Misuse and abuse of opioids, prescribed or otherwise, in the United States represents a massive public health concern. Although the U.S. represents only five percent of the world population, its residents account for approximately 99% of world hydrocodone use. Prenatal opioid use has intensified, increasing 5-fold from 2000 to 2009, with treatment for neonatal abstinence syndrome increasing 3-fold over the same interval. Neonatal abstinence syndrome (NAS) is associated with higher morbidity, protracted hospital stay and significantly increased neonatal healthcare expenditures. This paper addresses the systemic and individual barriers to effective healthcare use and access within the population of pregnant opioid users. Evidence-based recommendations to improve health outcomes include appropriate access to healthcare, family planning services and health insurance. Interventions to improve patient and provider knowledge as well as issues of stigma are recommended as well.
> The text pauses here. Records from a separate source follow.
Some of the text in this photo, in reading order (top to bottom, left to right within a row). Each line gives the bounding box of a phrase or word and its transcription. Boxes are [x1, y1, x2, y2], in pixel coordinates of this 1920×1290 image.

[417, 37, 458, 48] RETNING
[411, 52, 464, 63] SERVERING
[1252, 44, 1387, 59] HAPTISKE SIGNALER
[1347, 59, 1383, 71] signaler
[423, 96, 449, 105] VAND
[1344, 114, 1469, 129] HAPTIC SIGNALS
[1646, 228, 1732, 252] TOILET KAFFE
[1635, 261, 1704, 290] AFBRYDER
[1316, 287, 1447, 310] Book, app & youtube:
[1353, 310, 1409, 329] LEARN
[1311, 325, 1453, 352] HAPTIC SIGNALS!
Misuse and abuse of opioids, prescribed or otherwise, in the United States represents a massive and growing public health concern. Although the United States represents only five percent of the world population, its residents account for approximately 99% of world hydrocodone use (“A brief history of the prescription opioid epidemic,” 2016). In 2015, there were over 2.6 million Americans with opioid use disorder and more than 33,000 Americans died from overdoses involving opioids (Wen, Behrle, & Tsai, 2017).
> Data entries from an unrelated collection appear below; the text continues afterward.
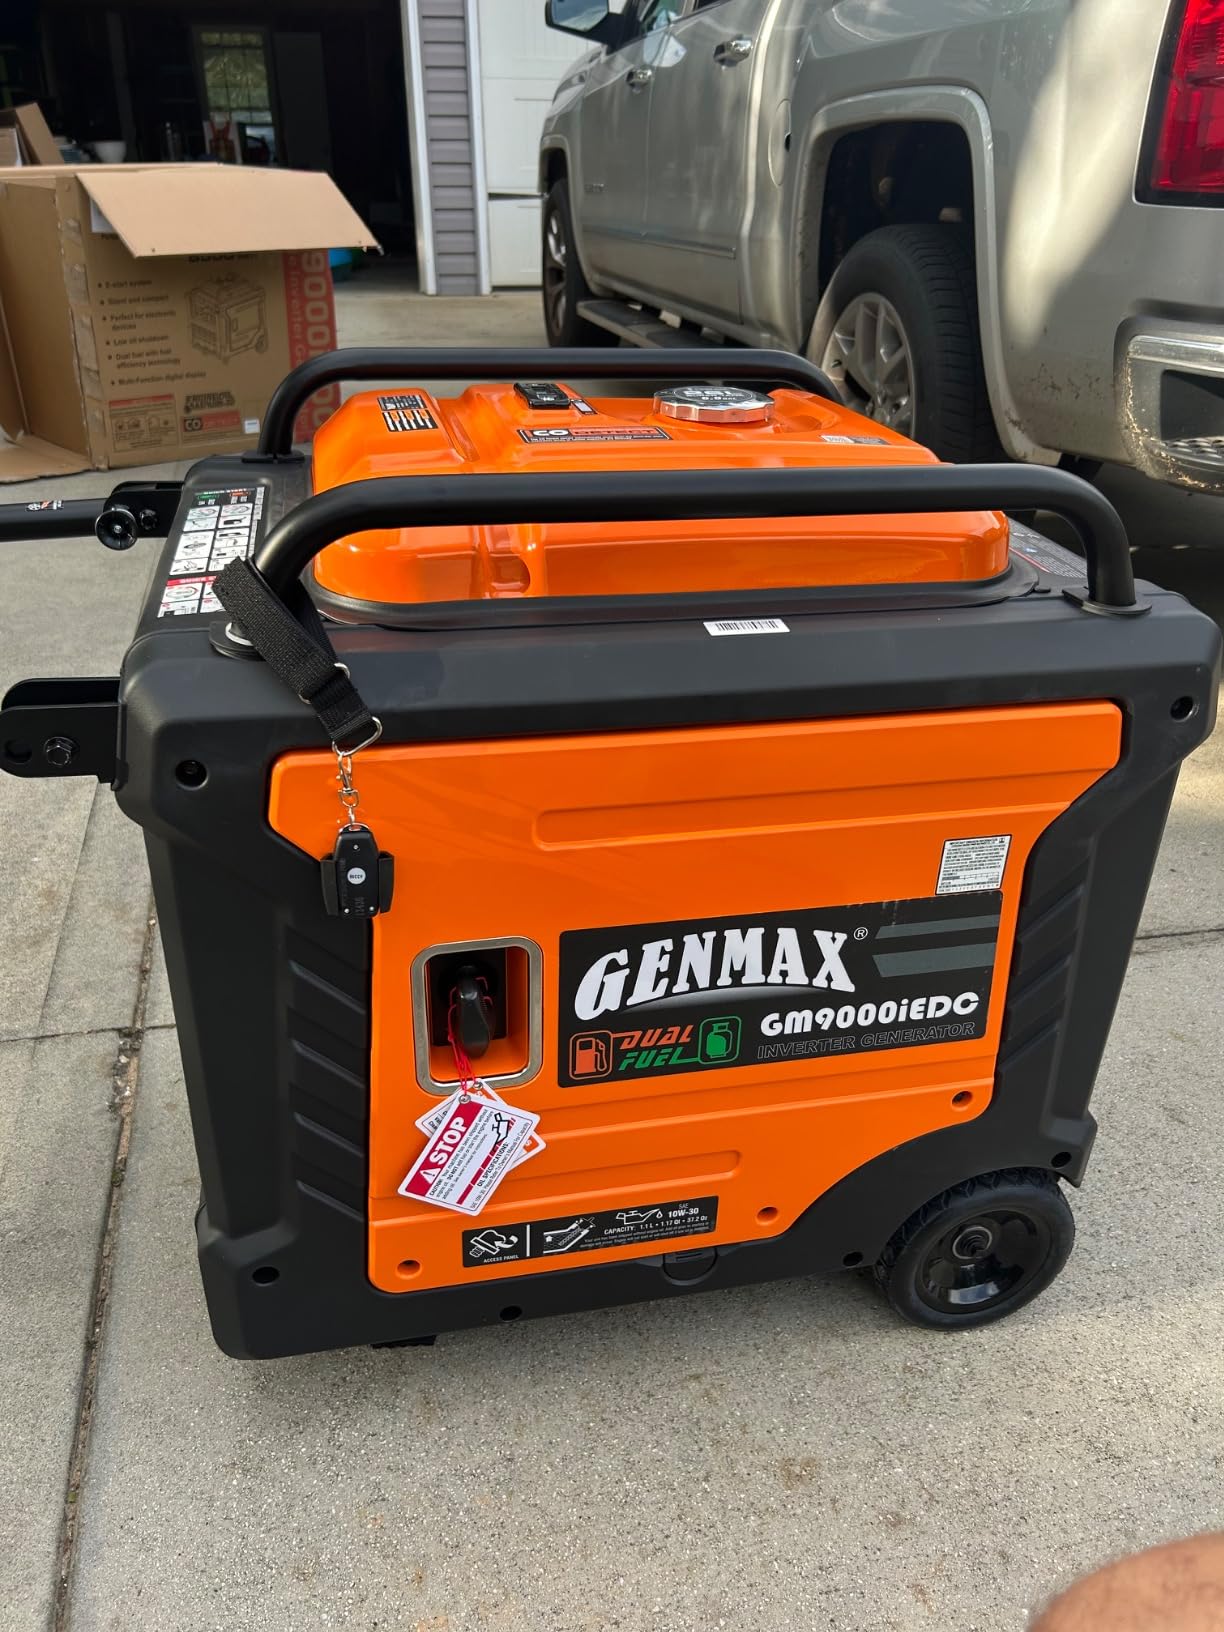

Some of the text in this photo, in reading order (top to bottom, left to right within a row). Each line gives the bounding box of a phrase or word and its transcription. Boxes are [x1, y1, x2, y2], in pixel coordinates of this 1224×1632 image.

[574, 927, 856, 1021] GENMAX
[760, 991, 979, 1037] GM9000iEDC
[617, 1024, 694, 1050] DUAL
[757, 1021, 975, 1060] INVERTER GENERATOR
[618, 1046, 688, 1071] FUEL
[429, 1116, 469, 1165] STOP
[450, 1166, 458, 1174] NOT
[476, 1141, 509, 1186] OIL SPECIFICATIONS:
[668, 1207, 699, 1218] 10W-30
Consistent with these developments, prenatal opioid use has intensified, increasing 5-fold from 2000 to 2009, with treatment for neonatal abstinence syndrome increasing 3-fold over the same interval (Meyer & Phillips, 2015). Neonatal abstinence syndrome (NAS) is a drug withdrawal syndrome in newborns that is indicated by symptoms demonstrating central nervous system hyperirritability and dysfunction of the autonomic nervous system, gastrointestinal tract, and respiratory system (Jones & Fielder, 2015). NAS-related withdrawal symptoms have been noted in 60% to 80% of neonates exposed in utero to heroin or methadone (Patrick et al., 2012). NAS is associated with higher morbidity, protracted hospital stay and significantly increased neonatal healthcare expenditures. In addition to NAS, illicit drug abuse during gestation corresponds to a substantial increase in risk for maternal complications such as placental abruption and neonatal complications such as preterm birth, stillbirth, and neonatal death (Black, 2016).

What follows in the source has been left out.